Las pronunciadas tendencias a conferirle al Estado un papel preponderante en la economía inspiran muchas reservas, debido a las penosas experiencias de ensayos pasados y presentes. Por acción de los gobiernos y a pesar de su ostensible incapacidad para atender sus responsabilidades esenciales, el Estado ha ido creciendo de una forma tan brutal que interviene en la vida de cada ciudadano, lo que es una carga muy difícil de sobrellevar.
No existe de hecho una actividad de impacto que no esté de alguna forma ligada, atada, comprometida o asociada con el Estado, o paralizada por él.
Así, mientras fallan en dotar adecuadamente a las escuelas de pupitres, pagar a tiempo a los servidores públicos, muchos de los cuales no desempeñan una función útil, y no encuentran cómo darles ocupación a miles de médicos desempleados, no obstante las deficiencias de los servicios de salud que prestan, los gobiernos se empeñan en ensanchar su radio de acción y se convierten en instrumentos abrumadoramente dominantes.
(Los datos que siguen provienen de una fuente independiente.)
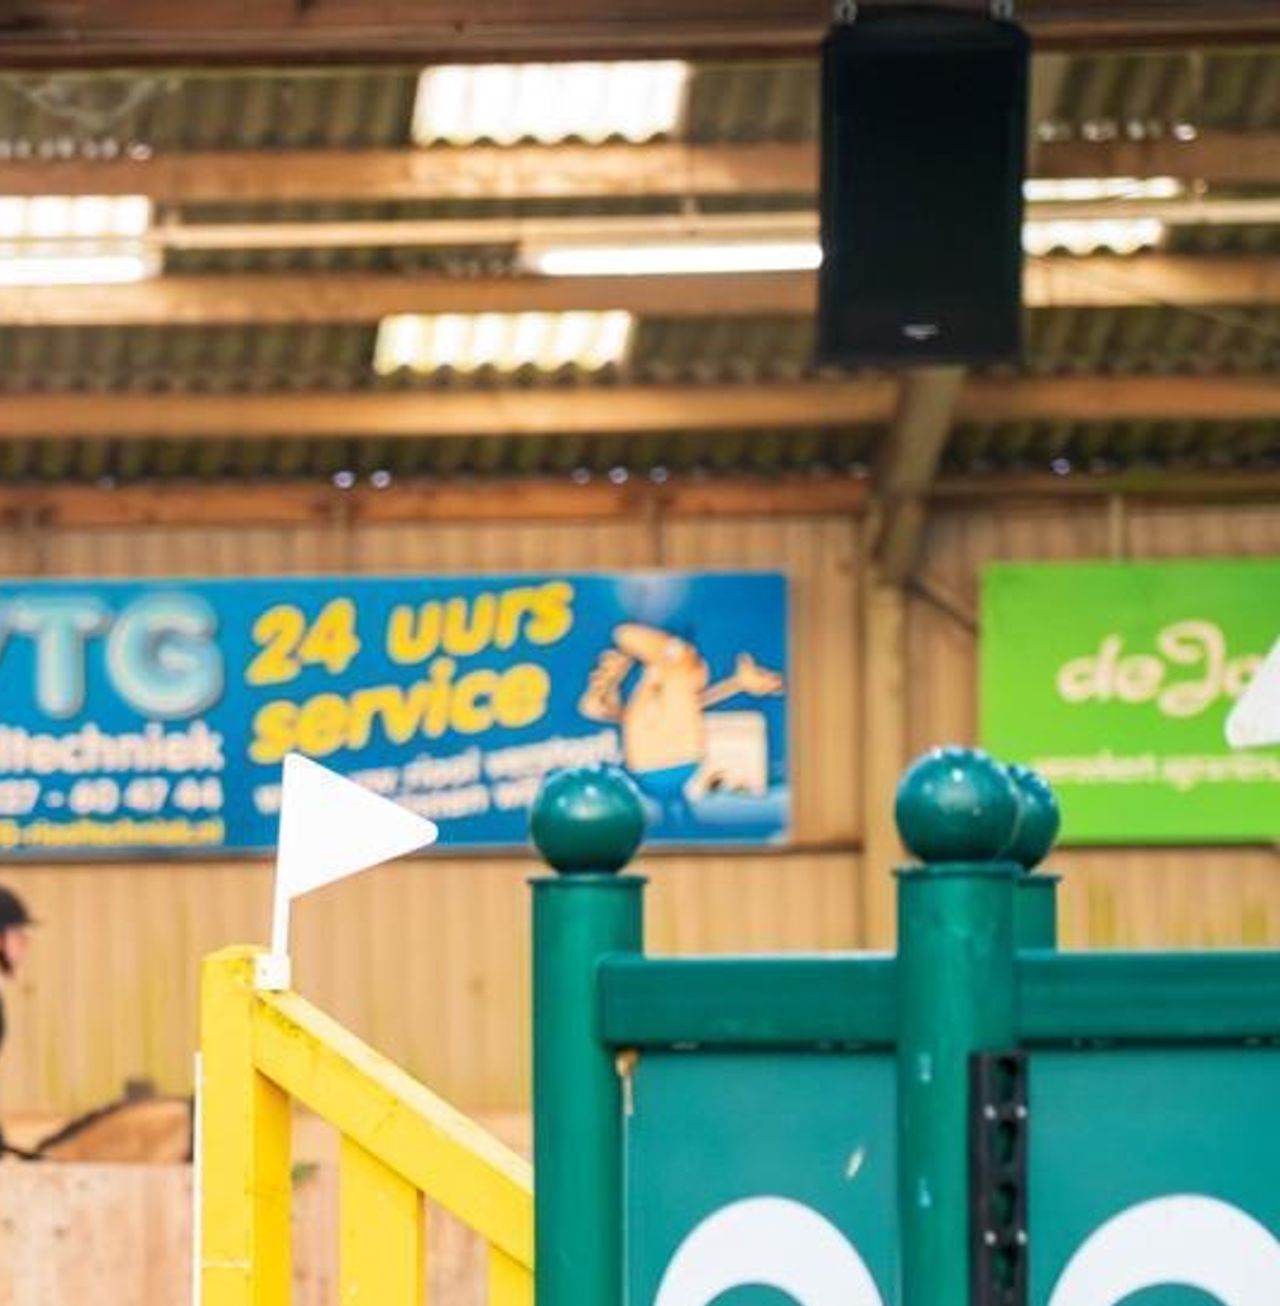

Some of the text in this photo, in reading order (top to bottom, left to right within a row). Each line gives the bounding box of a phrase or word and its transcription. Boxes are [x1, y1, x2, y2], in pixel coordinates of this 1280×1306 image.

[247, 581, 573, 686] 24 uurs
[248, 658, 551, 767] service
Asumen tareas que en sus manos resultan tan amplias como absurdas. El crecimiento de ese papel resulta en la creación de controles excesivos y paralizantes de la actividad creativa.
Para total desgracia nuestra, esos controles van más allá de la esfera de la economía. Concebidos teóricamente para garantizar suministros adecuados de productos básicos, muchos de esos controles han terminado erosionando los canales normales de comercialización y abastecimiento.
No se trata de negar la trascendencia del papel del Gobierno en la vida de ésta o cualquiera otra nación. El problema estriba en que, al trascender su presencia por encima de sus obligaciones, los gobiernos descuidan sus tareas fundamentales. Y esto normalmente ocurre en detrimento de las propias responsabilidades adicionales que tratan de asumir.
En definitiva ni una cosa ni la otra.